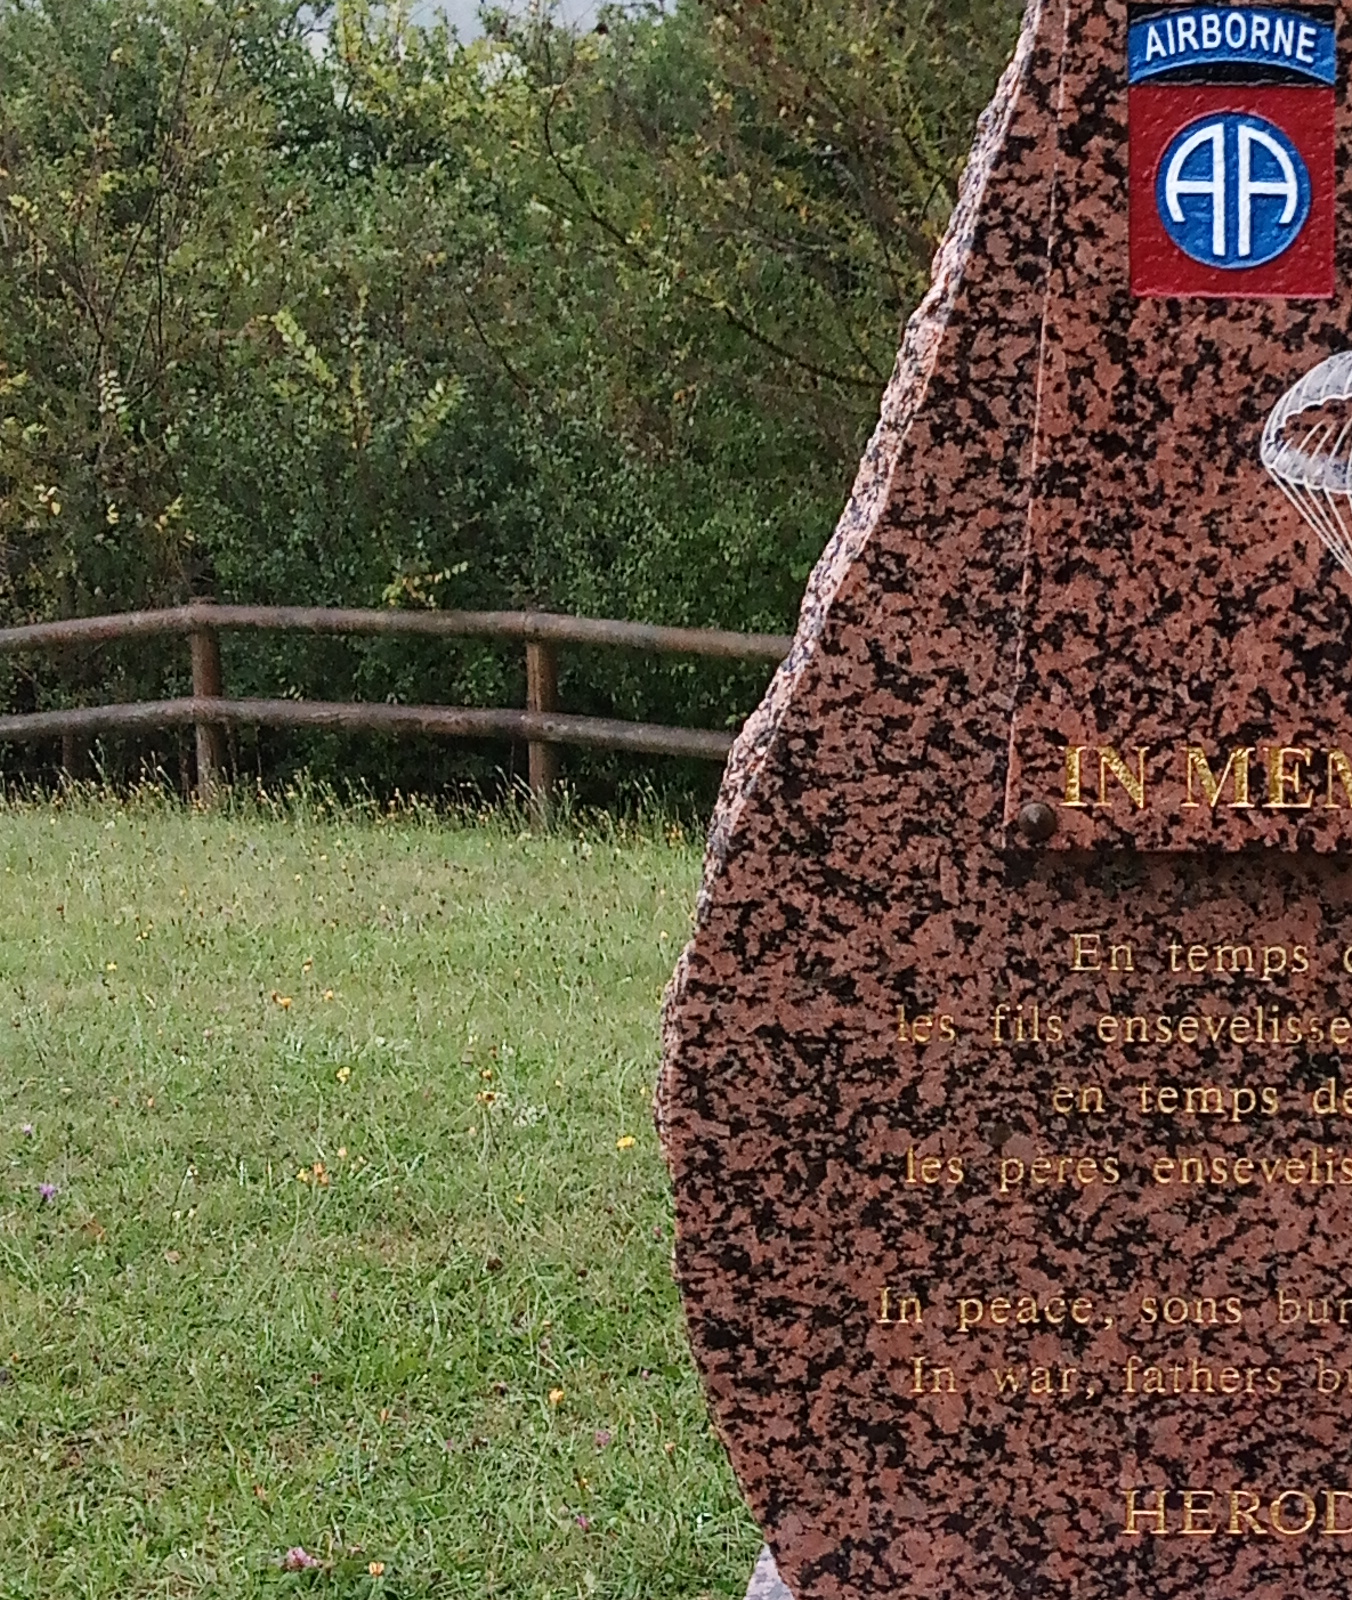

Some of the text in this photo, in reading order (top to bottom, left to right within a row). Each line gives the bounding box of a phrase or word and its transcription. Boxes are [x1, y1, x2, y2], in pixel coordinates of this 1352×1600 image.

[1145, 12, 1317, 63] AIRBORNE
[1165, 123, 1296, 257] AA
[1058, 744, 1147, 809] IN
[1069, 932, 1135, 973] En
[1168, 941, 1310, 981] temps
[896, 1004, 957, 1044] les
[989, 1004, 1064, 1044] fils
[1050, 1084, 1106, 1115] en
[1137, 1081, 1280, 1123] temps
[905, 1145, 965, 1185] les
[875, 1286, 924, 1326] In
[955, 1293, 1115, 1333] peace,
[1138, 1294, 1244, 1326] sons
[908, 1355, 958, 1395] In
[992, 1365, 1097, 1400] war,
[1120, 1355, 1284, 1395] fathers
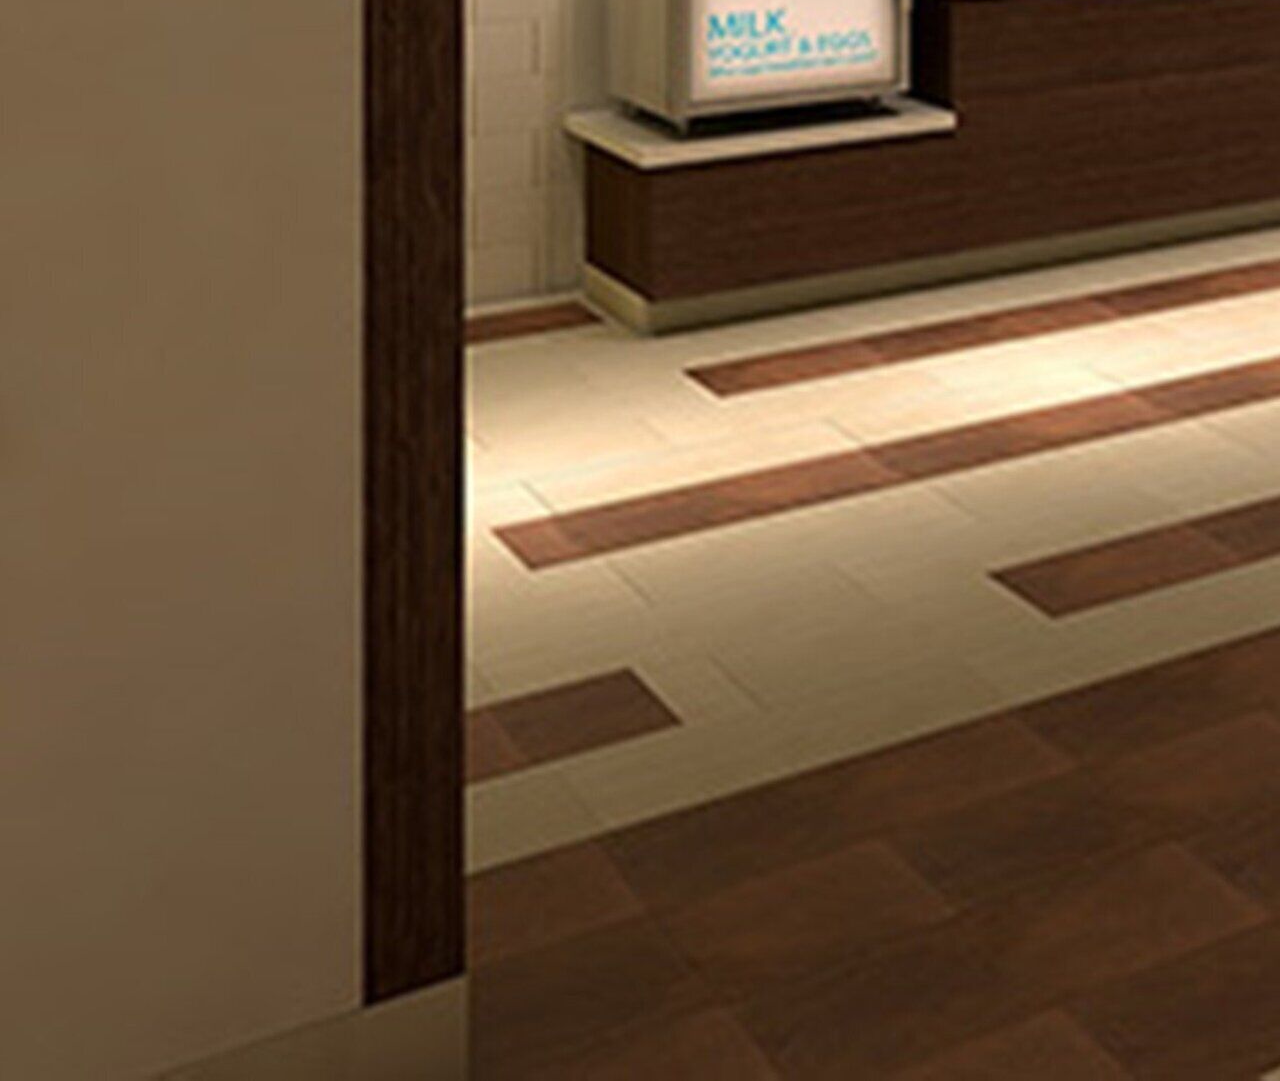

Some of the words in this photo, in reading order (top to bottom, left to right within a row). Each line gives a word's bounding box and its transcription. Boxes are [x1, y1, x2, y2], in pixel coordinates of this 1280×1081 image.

[707, 8, 786, 40] MILK
[708, 35, 792, 61] YOGURT
[798, 37, 812, 53] &
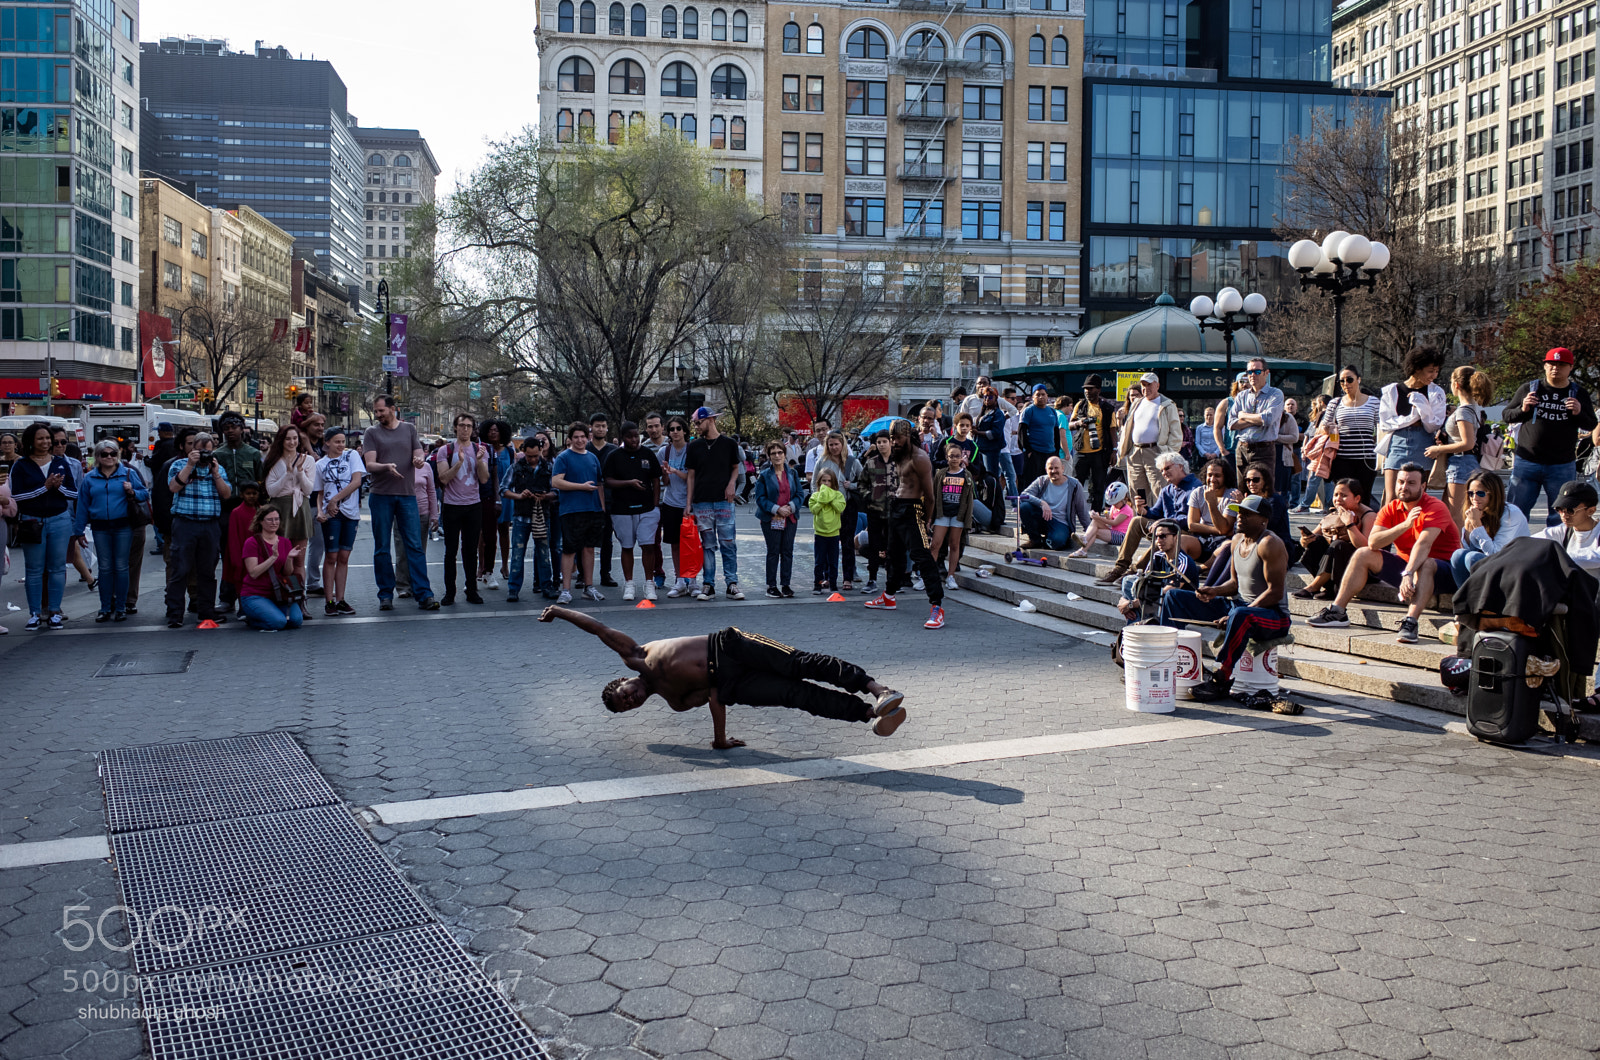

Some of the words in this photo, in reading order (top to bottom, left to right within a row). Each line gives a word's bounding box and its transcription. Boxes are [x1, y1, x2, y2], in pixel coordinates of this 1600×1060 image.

#####

▸ Work instruction: Repeat the entries above exactly as written, but not their pictures.

▸ Exercise output:
Some of the text in this photo, in reading order (top to bottom, left to right within a row). Each line gives the bounding box of a phrase or word and its transcription. Boxes are [x1, y1, x2, y2], in pixel coordinates of this 1352×1600 image.

[1145, 12, 1317, 63] AIRBORNE
[1165, 123, 1296, 257] AA
[1058, 744, 1147, 809] IN
[1069, 932, 1135, 973] En
[1168, 941, 1310, 981] temps
[896, 1004, 957, 1044] les
[989, 1004, 1064, 1044] fils
[1050, 1084, 1106, 1115] en
[1137, 1081, 1280, 1123] temps
[905, 1145, 965, 1185] les
[875, 1286, 924, 1326] In
[955, 1293, 1115, 1333] peace,
[1138, 1294, 1244, 1326] sons
[908, 1355, 958, 1395] In
[992, 1365, 1097, 1400] war,
[1120, 1355, 1284, 1395] fathers

Some of the words in this photo, in reading order (top to bottom, left to right within a row). Each line gives a word's bounding box and its transcription. Boxes are [x1, y1, x2, y2], in pixel coordinates of this 1280×1081 image.

[707, 8, 786, 40] MILK
[708, 35, 792, 61] YOGURT
[798, 37, 812, 53] &

Some of the words in this photo, in reading order (top to bottom, left to right within a row). Each line gives a word's bounding box and its transcription. Boxes are [x1, y1, x2, y2], in pixel coordinates of this 1600×1060 image.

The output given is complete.